Copy all records exactly; omit pictures.

» Phrase grounding data
■ ■ ■ ■

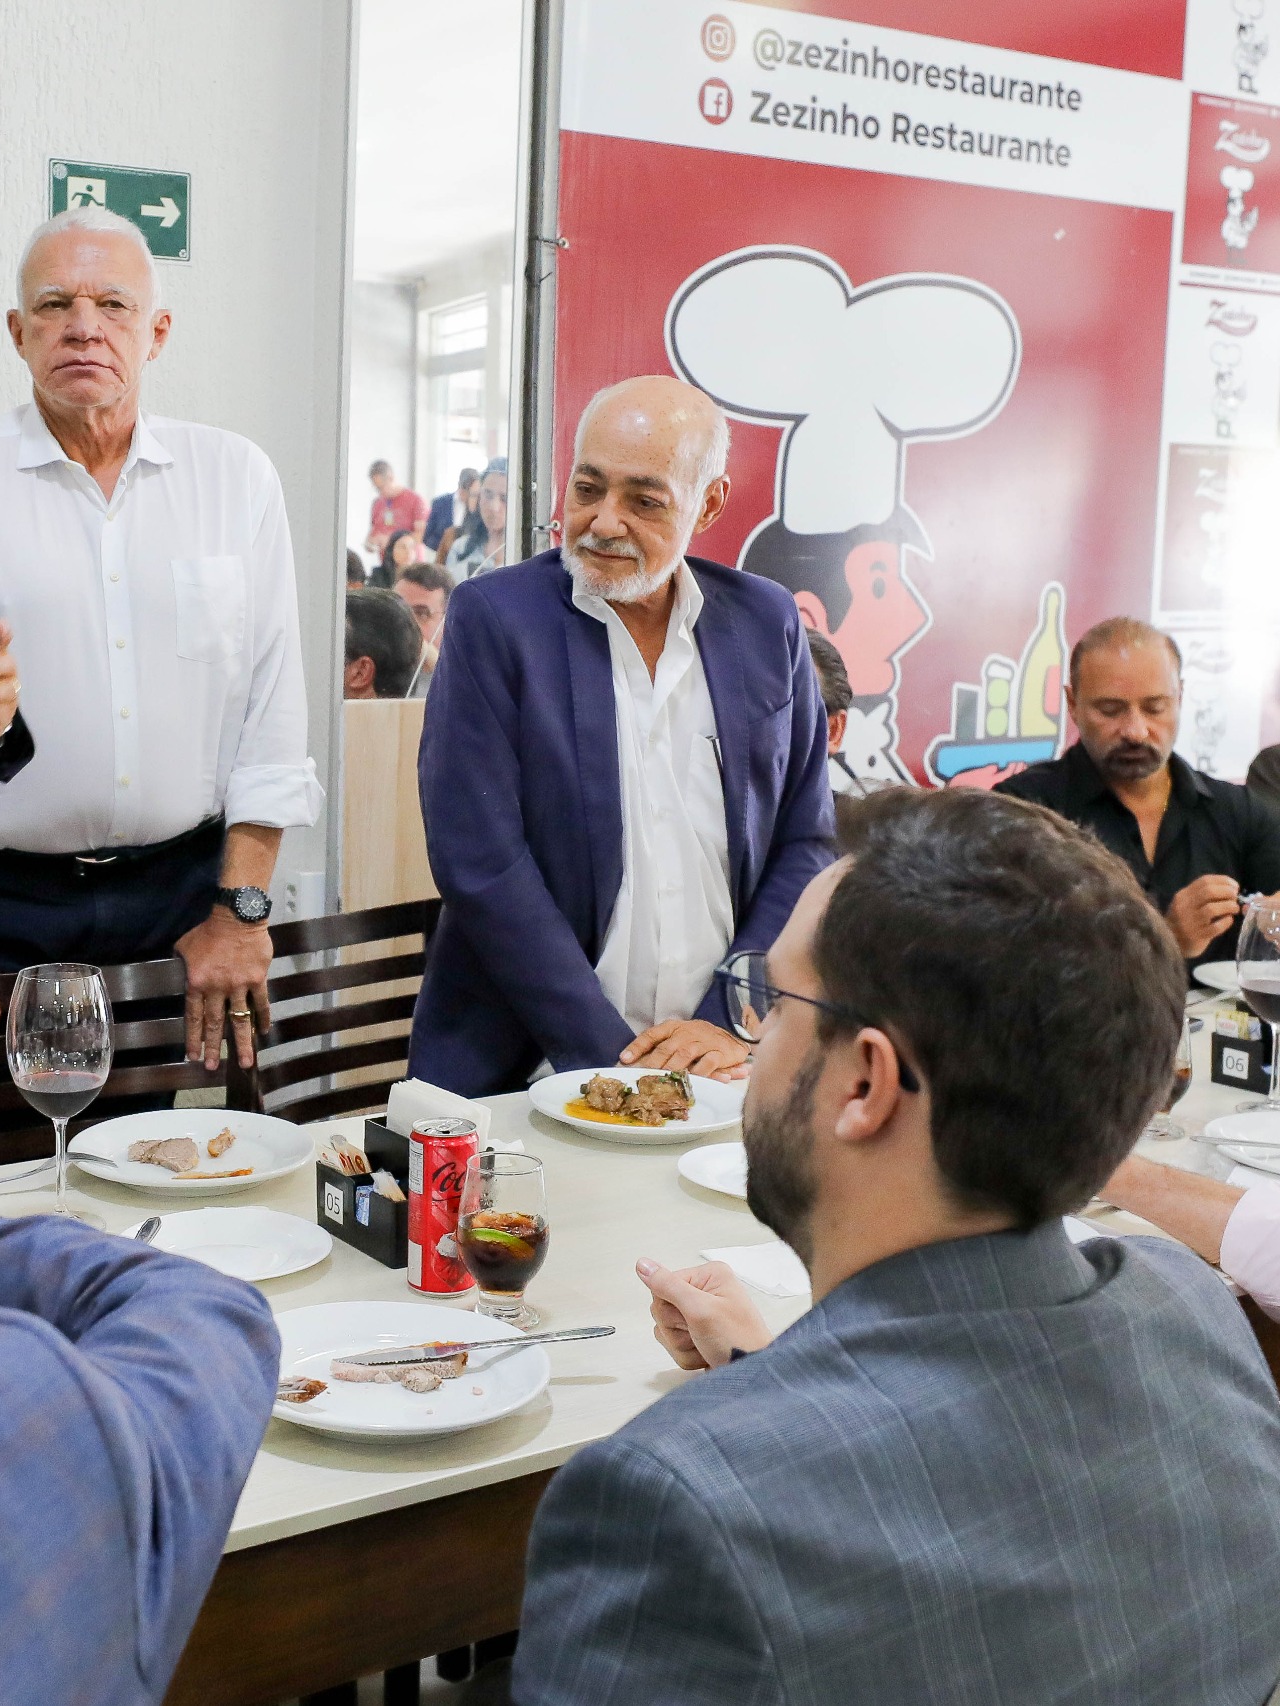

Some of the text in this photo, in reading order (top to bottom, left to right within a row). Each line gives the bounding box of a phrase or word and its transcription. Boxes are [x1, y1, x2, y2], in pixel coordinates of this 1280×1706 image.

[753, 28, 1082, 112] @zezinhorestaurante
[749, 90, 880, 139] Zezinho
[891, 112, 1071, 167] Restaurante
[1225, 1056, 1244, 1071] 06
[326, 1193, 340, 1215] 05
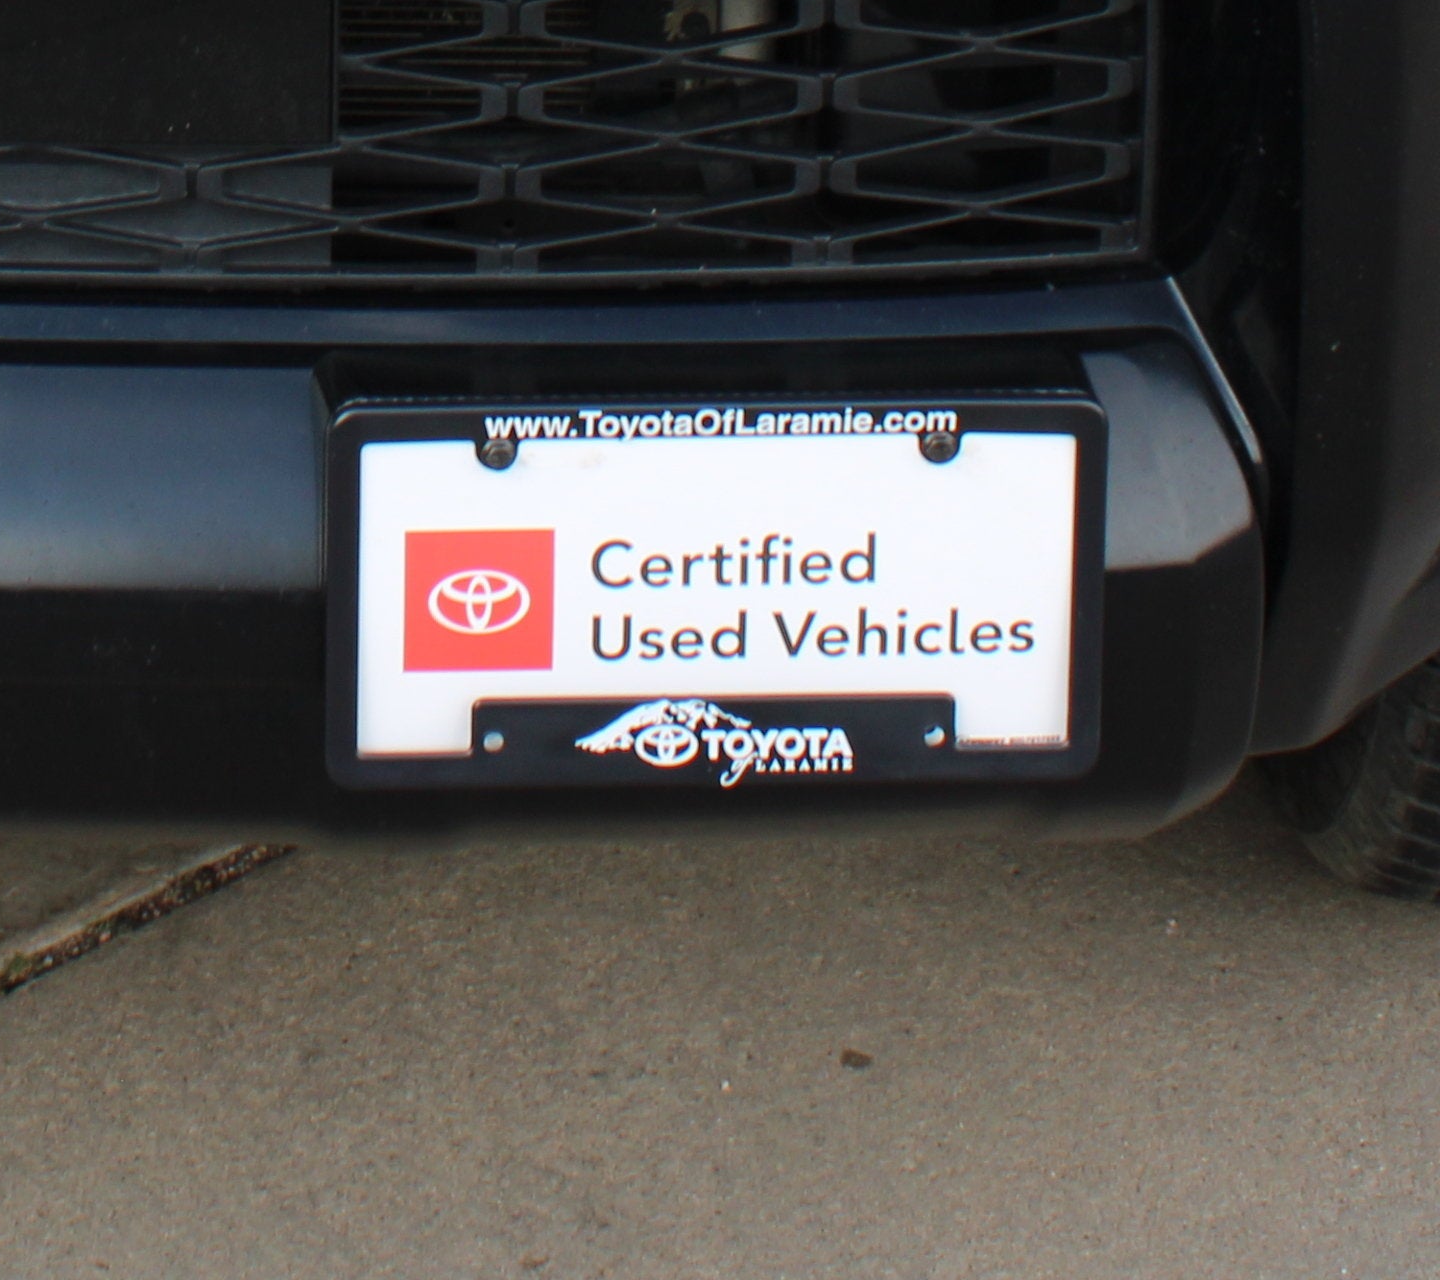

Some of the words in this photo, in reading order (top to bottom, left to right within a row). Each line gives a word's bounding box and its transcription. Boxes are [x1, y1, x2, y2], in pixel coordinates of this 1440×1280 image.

■ ■ ■ ■

» Answer to this problem
Some of the text in this photo, in reading order (top to bottom, left to right within a row). Each line gives the bounding box of a phrase or word and its transcription. Boxes are [x1, y1, x2, y2], in pixel coordinates of this 1280×1706 image.

[753, 28, 1082, 112] @zezinhorestaurante
[749, 90, 880, 139] Zezinho
[891, 112, 1071, 167] Restaurante
[1225, 1056, 1244, 1071] 06
[326, 1193, 340, 1215] 05

Some of the words in this photo, in reading order (top to bottom, left to right within a row). Each line gives a word's bounding box and its transcription. Boxes are [x1, y1, x2, y2], in pixel coordinates of this 1440×1280 image.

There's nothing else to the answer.